In James Christmas, the ACT Party has found a former National candidate to replace Velden, who is not contesting this year. He is likely to have cut-through with National's centre-right voters here.
The remainder of National’s Indian-origin candidates are contesting electorates with significantly weaker conversion prospects.
These include Lalit Arya in Ōtāhuhu, Ghouse Majeed in Manurewa, Sunil Kumar in Glendene, Ankit Bansal in Palmerston North, and Karuna Mathu in Wellington Bays (formerly Rongotai).
These electorates sit within long-established Labour-leaning or Labour-dominant urban and provincial seats.
Manurewa and Ōtāhuhu, for example, have delivered continuous Labour electorate victories since 2014, while maintaining sustained Labour party-vote strength across successive elections.

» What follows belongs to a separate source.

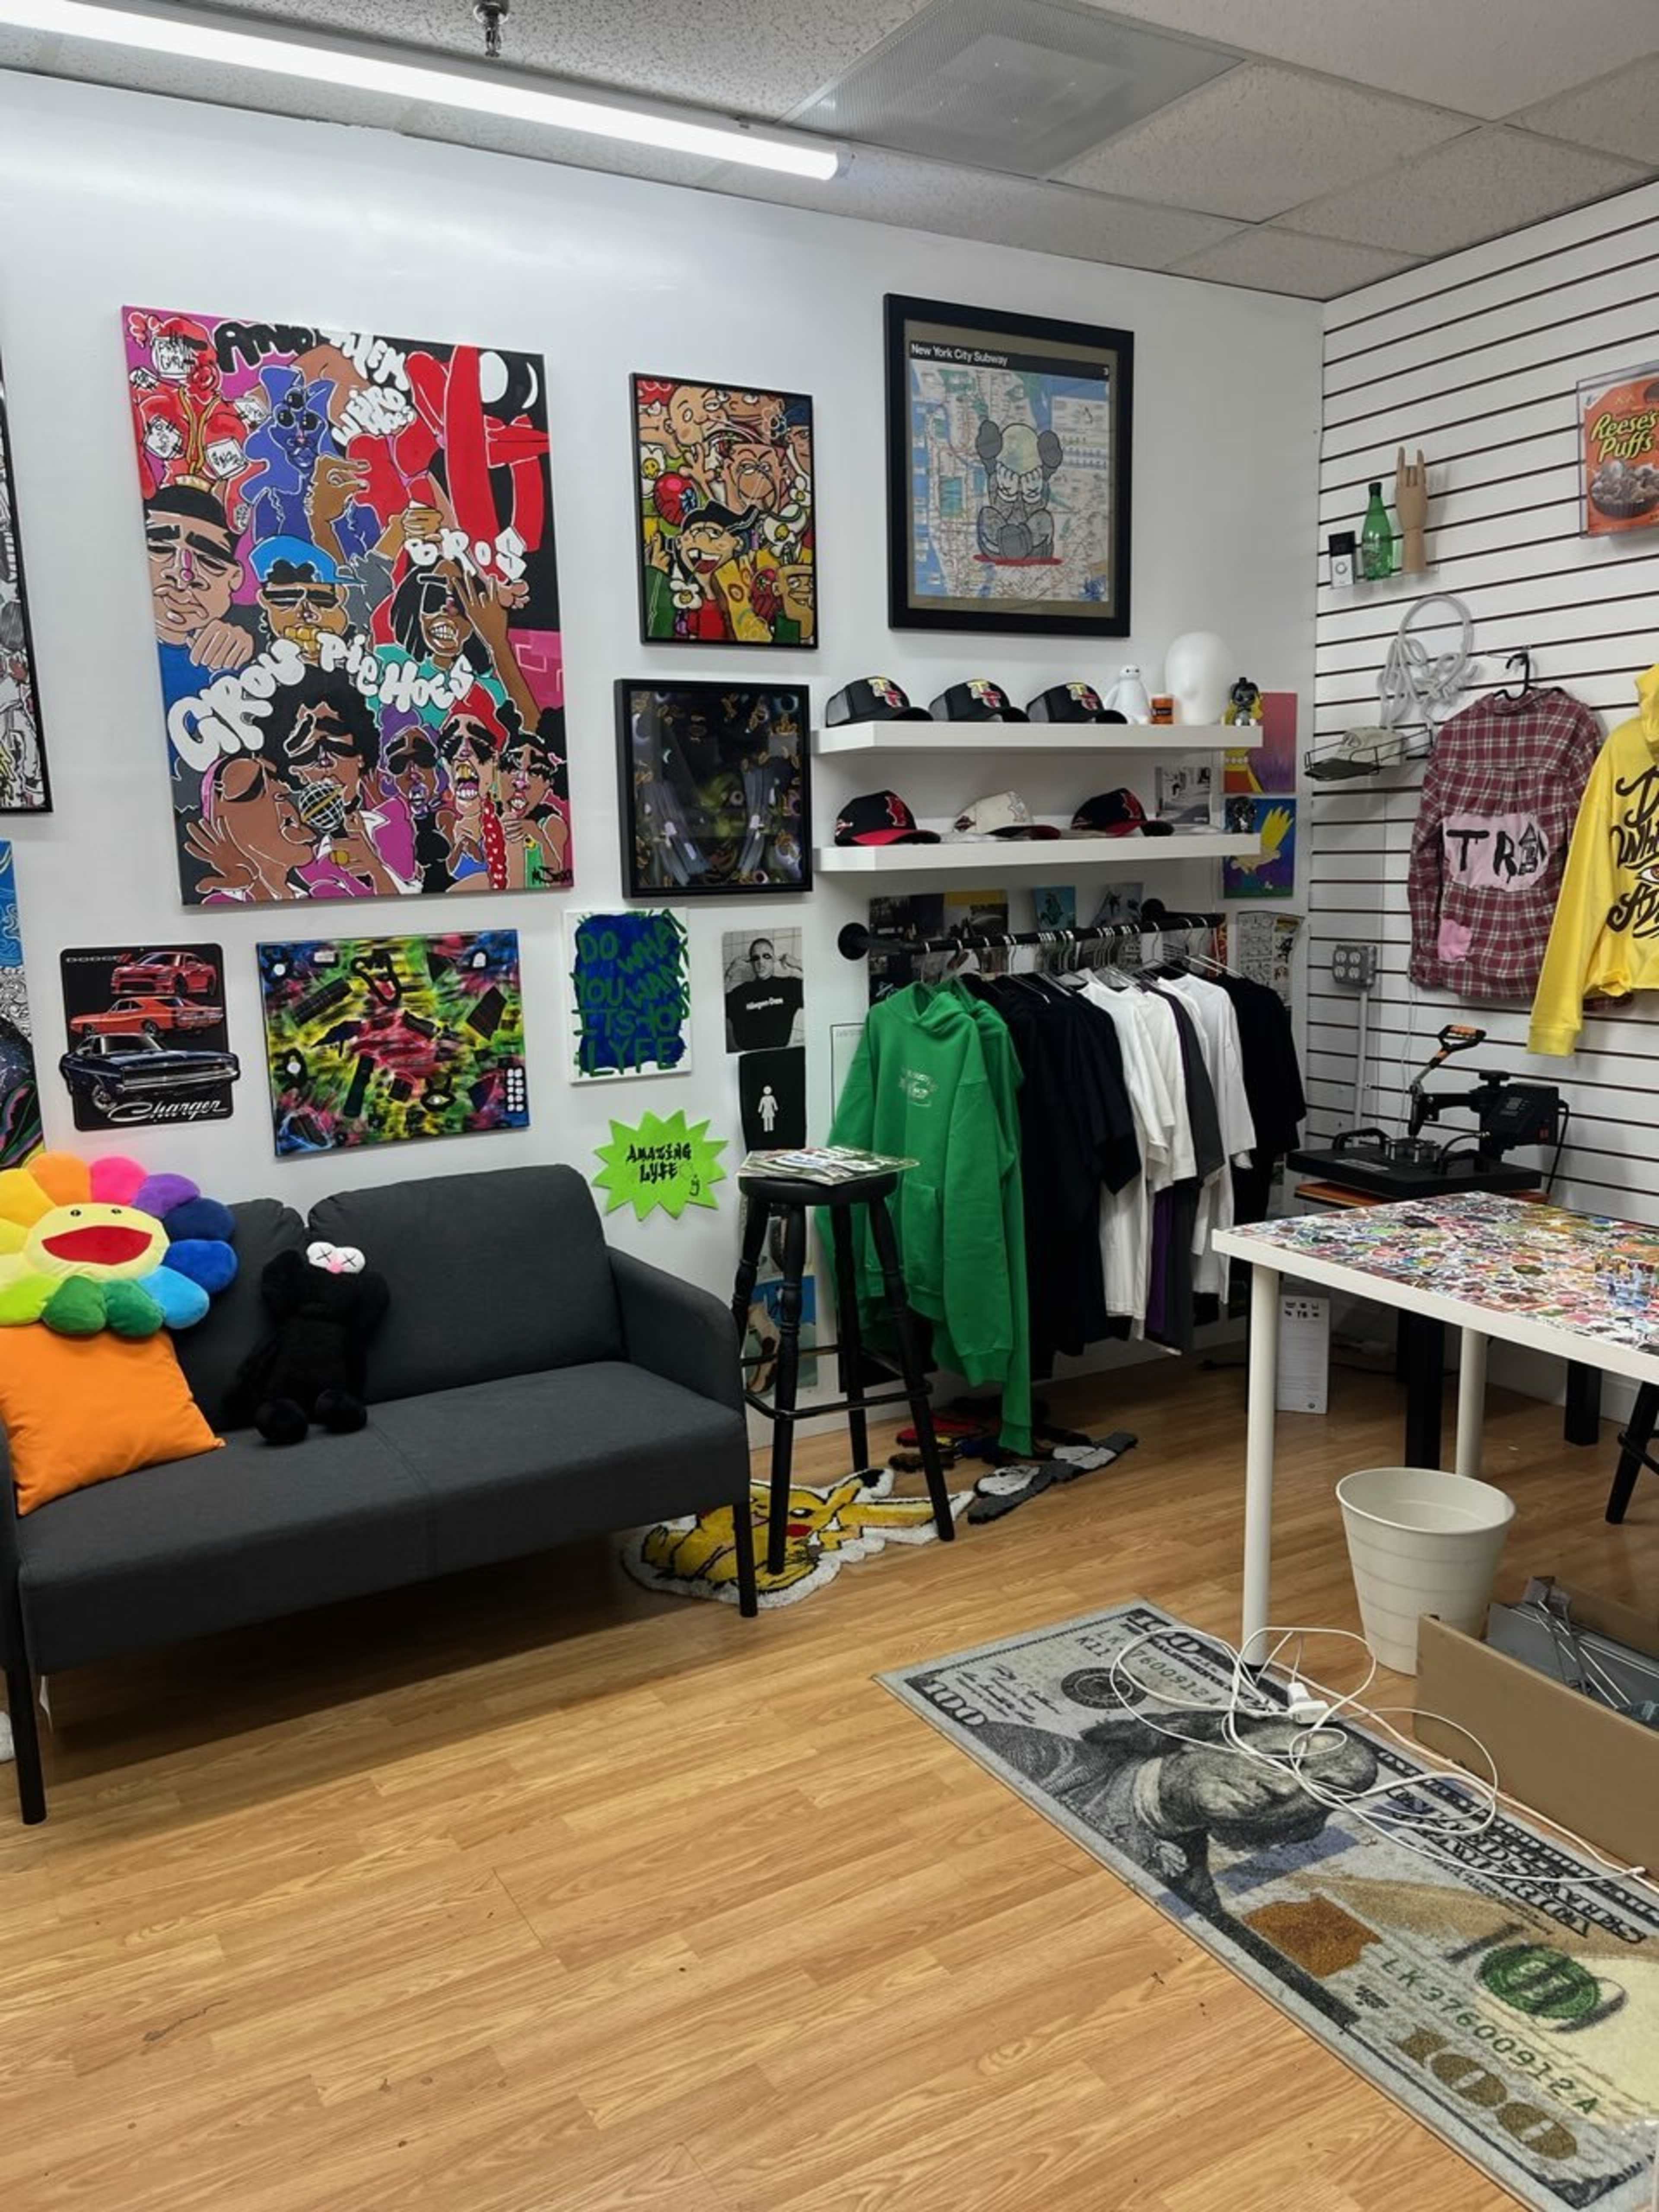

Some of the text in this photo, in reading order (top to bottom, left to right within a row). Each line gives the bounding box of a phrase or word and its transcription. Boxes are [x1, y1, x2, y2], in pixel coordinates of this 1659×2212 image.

Palmerston North has remained a consistent Labour electorate stronghold, and Wellington Bays has followed a similar pattern of Labour dominance in recent cycles.
Two models of representation
Taken together, the 2026 picture shows two distinct approaches to political representation.
Labour’s model concentrates Indian-origin candidates in high-probability pathways into Parliament, either through strong list ranking or viable electorate contests.
National’s model distributes representation more broadly across electorates, but with fewer candidates positioned in seats that reliably convert candidacy into parliamentary seats under MMP conditions.
The result is a divergence in outcomes even when both parties are drawing from similar candidate pools.
The 2026 test
If current polling holds, Labour is positioned to return at least two Indian-origin MPs via its list alone, with a third possible through Kharag Singh’s electorate contest in Takanini.
National’s outcome will depend heavily on whether candidates like Mahesh Muralidhar can convert electorate positioning into a seat, and how far others can exceed expectations in Labour-strong areas.
The underlying question heading into the election is no longer about visibility. It is about conversion.
And on that measure, Labour currently has the clearer pathway.